Exercise instructions: Give every line of the material again, exactly as written.

Material for this task:
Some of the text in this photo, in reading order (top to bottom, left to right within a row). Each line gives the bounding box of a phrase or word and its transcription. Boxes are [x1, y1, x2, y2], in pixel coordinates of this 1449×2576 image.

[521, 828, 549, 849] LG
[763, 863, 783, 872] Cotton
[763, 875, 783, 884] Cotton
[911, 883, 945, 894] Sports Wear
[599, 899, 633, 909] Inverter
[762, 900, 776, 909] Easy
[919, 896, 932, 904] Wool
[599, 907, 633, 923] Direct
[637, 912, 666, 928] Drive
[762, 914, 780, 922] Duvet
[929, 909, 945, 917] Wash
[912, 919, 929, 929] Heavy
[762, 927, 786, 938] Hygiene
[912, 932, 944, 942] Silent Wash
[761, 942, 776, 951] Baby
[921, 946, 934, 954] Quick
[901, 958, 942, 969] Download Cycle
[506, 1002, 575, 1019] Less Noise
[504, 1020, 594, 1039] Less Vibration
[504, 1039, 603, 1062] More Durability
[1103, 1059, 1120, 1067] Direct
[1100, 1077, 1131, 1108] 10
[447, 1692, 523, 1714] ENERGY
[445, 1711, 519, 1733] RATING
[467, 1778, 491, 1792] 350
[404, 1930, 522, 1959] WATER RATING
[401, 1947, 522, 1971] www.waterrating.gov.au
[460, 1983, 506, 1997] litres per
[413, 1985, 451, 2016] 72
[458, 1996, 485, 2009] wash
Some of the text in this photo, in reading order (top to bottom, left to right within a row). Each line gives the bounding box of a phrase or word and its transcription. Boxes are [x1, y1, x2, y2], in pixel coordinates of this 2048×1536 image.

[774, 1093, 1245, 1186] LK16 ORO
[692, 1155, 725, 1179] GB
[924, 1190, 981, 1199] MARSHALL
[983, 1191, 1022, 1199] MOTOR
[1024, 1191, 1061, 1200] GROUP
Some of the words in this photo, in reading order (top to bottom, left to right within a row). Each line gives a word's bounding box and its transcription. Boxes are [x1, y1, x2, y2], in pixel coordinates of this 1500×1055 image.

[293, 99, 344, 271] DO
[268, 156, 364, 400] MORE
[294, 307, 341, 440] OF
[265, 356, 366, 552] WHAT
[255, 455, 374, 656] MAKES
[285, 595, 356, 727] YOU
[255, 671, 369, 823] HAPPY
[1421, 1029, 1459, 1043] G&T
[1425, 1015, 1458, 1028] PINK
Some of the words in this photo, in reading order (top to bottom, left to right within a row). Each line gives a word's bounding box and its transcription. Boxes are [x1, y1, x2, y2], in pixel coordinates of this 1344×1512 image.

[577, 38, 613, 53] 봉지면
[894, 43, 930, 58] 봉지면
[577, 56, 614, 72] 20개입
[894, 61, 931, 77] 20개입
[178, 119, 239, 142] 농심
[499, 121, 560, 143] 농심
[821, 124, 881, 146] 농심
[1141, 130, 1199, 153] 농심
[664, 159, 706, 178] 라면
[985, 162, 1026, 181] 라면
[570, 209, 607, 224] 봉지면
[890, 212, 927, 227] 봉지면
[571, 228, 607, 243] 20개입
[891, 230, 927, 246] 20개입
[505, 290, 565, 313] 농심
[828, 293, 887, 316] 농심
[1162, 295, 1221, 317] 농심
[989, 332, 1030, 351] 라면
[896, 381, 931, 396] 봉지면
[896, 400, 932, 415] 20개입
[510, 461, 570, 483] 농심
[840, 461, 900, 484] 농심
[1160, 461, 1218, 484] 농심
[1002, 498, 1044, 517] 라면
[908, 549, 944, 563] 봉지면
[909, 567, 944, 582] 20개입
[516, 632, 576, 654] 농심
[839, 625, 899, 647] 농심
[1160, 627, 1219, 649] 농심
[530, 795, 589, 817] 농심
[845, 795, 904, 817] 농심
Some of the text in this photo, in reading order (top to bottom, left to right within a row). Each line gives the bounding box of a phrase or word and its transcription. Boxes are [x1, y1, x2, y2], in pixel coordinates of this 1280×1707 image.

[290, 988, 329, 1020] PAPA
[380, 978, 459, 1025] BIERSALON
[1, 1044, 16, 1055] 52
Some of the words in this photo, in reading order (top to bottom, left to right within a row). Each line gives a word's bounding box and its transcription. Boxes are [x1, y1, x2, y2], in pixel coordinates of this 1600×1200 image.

Answer to this problem:
Some of the text in this photo, in reading order (top to bottom, left to right within a row). Each line gives the bounding box of a phrase or word and its transcription. Boxes are [x1, y1, x2, y2], in pixel coordinates of this 1449×2576 image.

[521, 828, 549, 849] LG
[763, 863, 783, 872] Cotton
[763, 875, 783, 884] Cotton
[911, 883, 945, 894] Sports Wear
[599, 899, 633, 909] Inverter
[762, 900, 776, 909] Easy
[919, 896, 932, 904] Wool
[599, 907, 633, 923] Direct
[637, 912, 666, 928] Drive
[762, 914, 780, 922] Duvet
[929, 909, 945, 917] Wash
[912, 919, 929, 929] Heavy
[762, 927, 786, 938] Hygiene
[912, 932, 944, 942] Silent Wash
[761, 942, 776, 951] Baby
[921, 946, 934, 954] Quick
[901, 958, 942, 969] Download Cycle
[506, 1002, 575, 1019] Less Noise
[504, 1020, 594, 1039] Less Vibration
[504, 1039, 603, 1062] More Durability
[1103, 1059, 1120, 1067] Direct
[1100, 1077, 1131, 1108] 10
[447, 1692, 523, 1714] ENERGY
[445, 1711, 519, 1733] RATING
[467, 1778, 491, 1792] 350
[404, 1930, 522, 1959] WATER RATING
[401, 1947, 522, 1971] www.waterrating.gov.au
[460, 1983, 506, 1997] litres per
[413, 1985, 451, 2016] 72
[458, 1996, 485, 2009] wash
Some of the text in this photo, in reading order (top to bottom, left to right within a row). Each line gives the bounding box of a phrase or word and its transcription. Boxes are [x1, y1, x2, y2], in pixel coordinates of this 2048×1536 image.

[774, 1093, 1245, 1186] LK16 ORO
[692, 1155, 725, 1179] GB
[924, 1190, 981, 1199] MARSHALL
[983, 1191, 1022, 1199] MOTOR
[1024, 1191, 1061, 1200] GROUP
Some of the words in this photo, in reading order (top to bottom, left to right within a row). Each line gives a word's bounding box and its transcription. Boxes are [x1, y1, x2, y2], in pixel coordinates of this 1500×1055 image.

[293, 99, 344, 271] DO
[268, 156, 364, 400] MORE
[294, 307, 341, 440] OF
[265, 356, 366, 552] WHAT
[255, 455, 374, 656] MAKES
[285, 595, 356, 727] YOU
[255, 671, 369, 823] HAPPY
[1421, 1029, 1459, 1043] G&T
[1425, 1015, 1458, 1028] PINK
Some of the words in this photo, in reading order (top to bottom, left to right within a row). Each line gives a word's bounding box and its transcription. Boxes are [x1, y1, x2, y2], in pixel coordinates of this 1344×1512 image.

[577, 38, 613, 53] 봉지면
[894, 43, 930, 58] 봉지면
[577, 56, 614, 72] 20개입
[894, 61, 931, 77] 20개입
[178, 119, 239, 142] 농심
[499, 121, 560, 143] 농심
[821, 124, 881, 146] 농심
[1141, 130, 1199, 153] 농심
[664, 159, 706, 178] 라면
[985, 162, 1026, 181] 라면
[570, 209, 607, 224] 봉지면
[890, 212, 927, 227] 봉지면
[571, 228, 607, 243] 20개입
[891, 230, 927, 246] 20개입
[505, 290, 565, 313] 농심
[828, 293, 887, 316] 농심
[1162, 295, 1221, 317] 농심
[989, 332, 1030, 351] 라면
[896, 381, 931, 396] 봉지면
[896, 400, 932, 415] 20개입
[510, 461, 570, 483] 농심
[840, 461, 900, 484] 농심
[1160, 461, 1218, 484] 농심
[1002, 498, 1044, 517] 라면
[908, 549, 944, 563] 봉지면
[909, 567, 944, 582] 20개입
[516, 632, 576, 654] 농심
[839, 625, 899, 647] 농심
[1160, 627, 1219, 649] 농심
[530, 795, 589, 817] 농심
[845, 795, 904, 817] 농심
Some of the text in this photo, in reading order (top to bottom, left to right within a row). Each line gives the bounding box of a phrase or word and its transcription. Boxes are [x1, y1, x2, y2], in pixel coordinates of this 1280×1707 image.

[290, 988, 329, 1020] PAPA
[380, 978, 459, 1025] BIERSALON
[1, 1044, 16, 1055] 52
Some of the words in this photo, in reading order (top to bottom, left to right within a row). Each line gives a word's bounding box and its transcription. Boxes are [x1, y1, x2, y2], in pixel coordinates of this 1600×1200 image.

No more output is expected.